- _Action item_
Every record that follows is to be copied exactly, with the pictures omitted.

(Data excerpts)
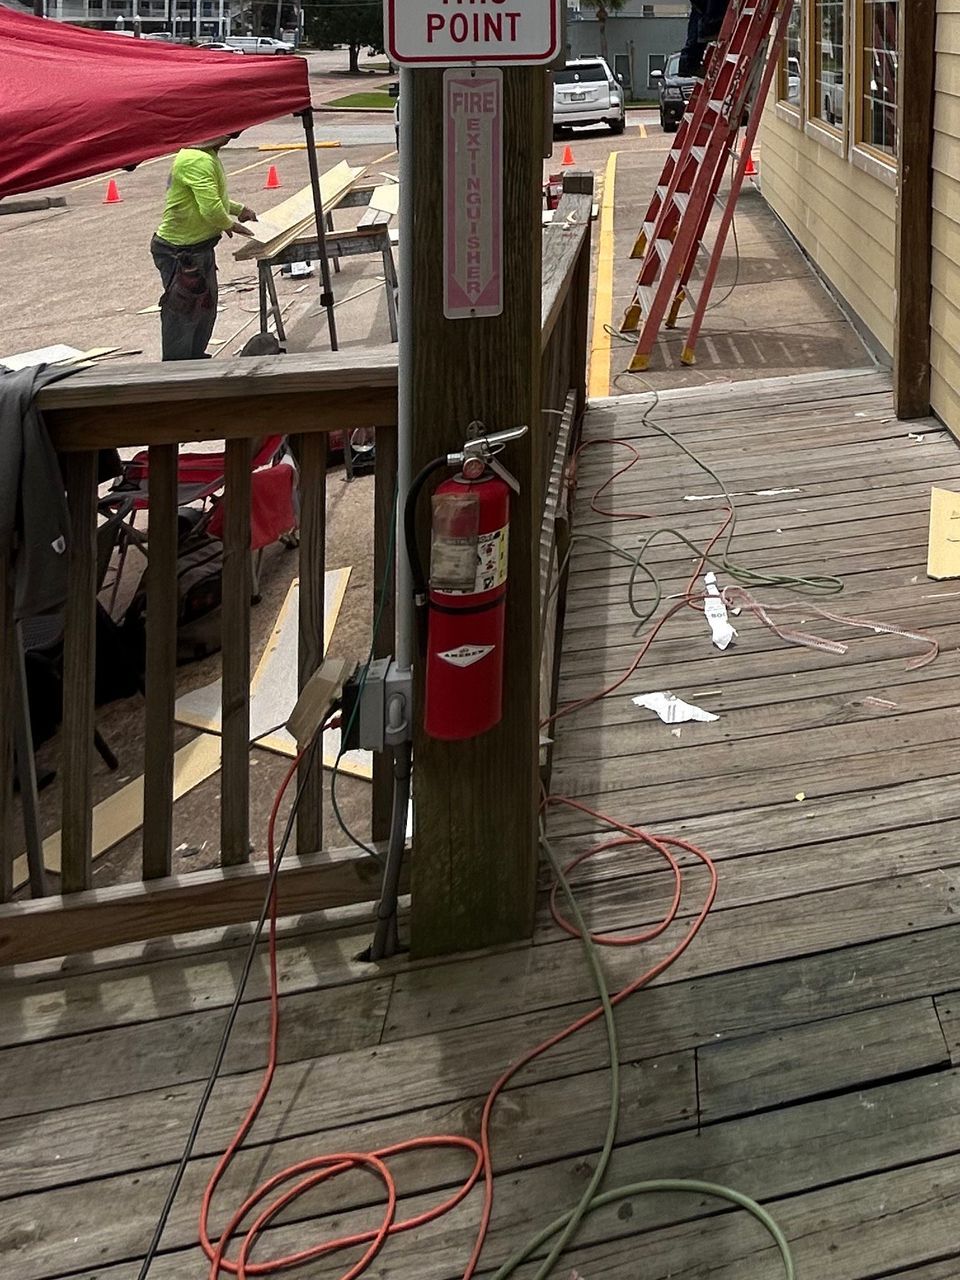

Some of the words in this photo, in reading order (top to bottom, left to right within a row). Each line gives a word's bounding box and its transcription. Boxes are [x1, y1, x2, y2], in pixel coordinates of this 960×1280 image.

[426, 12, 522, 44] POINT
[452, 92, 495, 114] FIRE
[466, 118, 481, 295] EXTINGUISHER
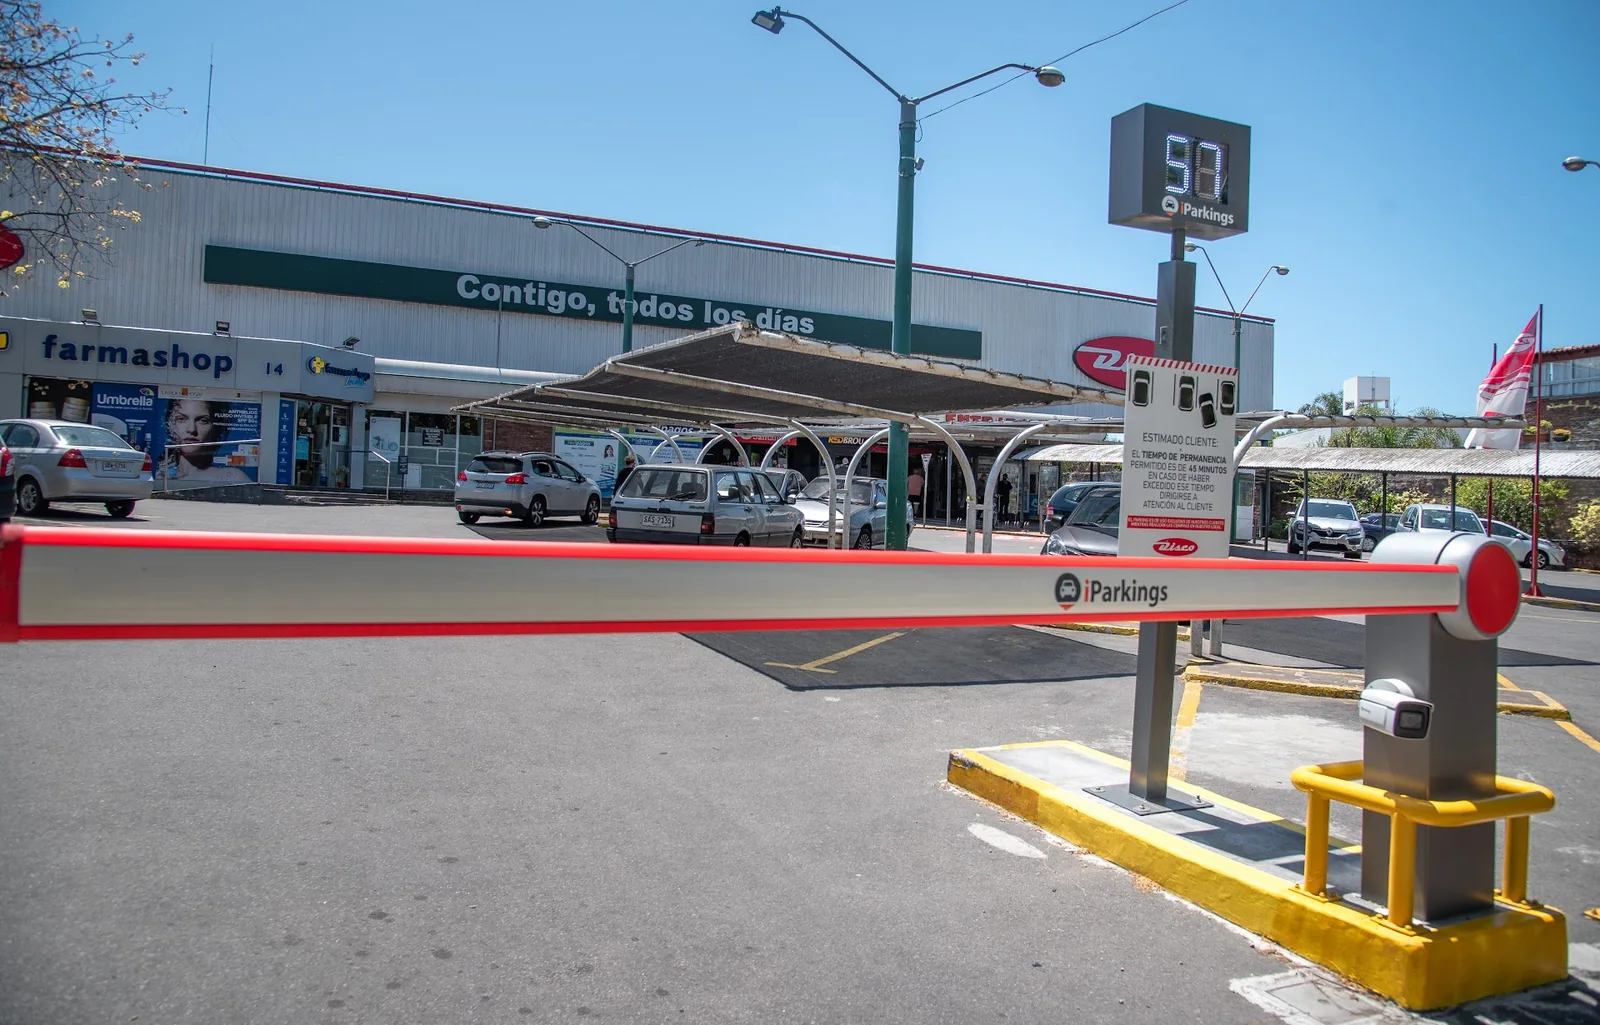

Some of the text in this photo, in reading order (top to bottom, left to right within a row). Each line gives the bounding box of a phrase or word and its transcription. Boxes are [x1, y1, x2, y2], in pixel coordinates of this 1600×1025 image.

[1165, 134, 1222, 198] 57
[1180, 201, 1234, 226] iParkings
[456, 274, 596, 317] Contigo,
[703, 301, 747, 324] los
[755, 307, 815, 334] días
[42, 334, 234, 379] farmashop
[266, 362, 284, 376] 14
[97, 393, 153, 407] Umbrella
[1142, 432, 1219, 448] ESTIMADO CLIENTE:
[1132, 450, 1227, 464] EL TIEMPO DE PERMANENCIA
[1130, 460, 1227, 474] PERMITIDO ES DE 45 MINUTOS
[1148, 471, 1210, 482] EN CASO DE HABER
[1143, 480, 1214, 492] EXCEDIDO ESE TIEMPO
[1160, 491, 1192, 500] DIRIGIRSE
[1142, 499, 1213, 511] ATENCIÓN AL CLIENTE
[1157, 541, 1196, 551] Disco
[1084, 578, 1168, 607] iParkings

- _Task result_
Some of the words in this photo, in reading order (top to bottom, left to right within a row). Each line gives a word's bounding box and its transcription. Boxes are [x1, y1, x2, y2], in pixel coordinates of this 960×1280 image.

[426, 12, 522, 44] POINT
[452, 92, 495, 114] FIRE
[466, 118, 481, 295] EXTINGUISHER

Some of the text in this photo, in reading order (top to bottom, left to right within a row). Each line gives the bounding box of a phrase or word and its transcription. Boxes are [x1, y1, x2, y2], in pixel coordinates of this 1600×1025 image.

[1165, 134, 1222, 198] 57
[1180, 201, 1234, 226] iParkings
[456, 274, 596, 317] Contigo,
[703, 301, 747, 324] los
[755, 307, 815, 334] días
[42, 334, 234, 379] farmashop
[266, 362, 284, 376] 14
[97, 393, 153, 407] Umbrella
[1142, 432, 1219, 448] ESTIMADO CLIENTE:
[1132, 450, 1227, 464] EL TIEMPO DE PERMANENCIA
[1130, 460, 1227, 474] PERMITIDO ES DE 45 MINUTOS
[1148, 471, 1210, 482] EN CASO DE HABER
[1143, 480, 1214, 492] EXCEDIDO ESE TIEMPO
[1160, 491, 1192, 500] DIRIGIRSE
[1142, 499, 1213, 511] ATENCIÓN AL CLIENTE
[1157, 541, 1196, 551] Disco
[1084, 578, 1168, 607] iParkings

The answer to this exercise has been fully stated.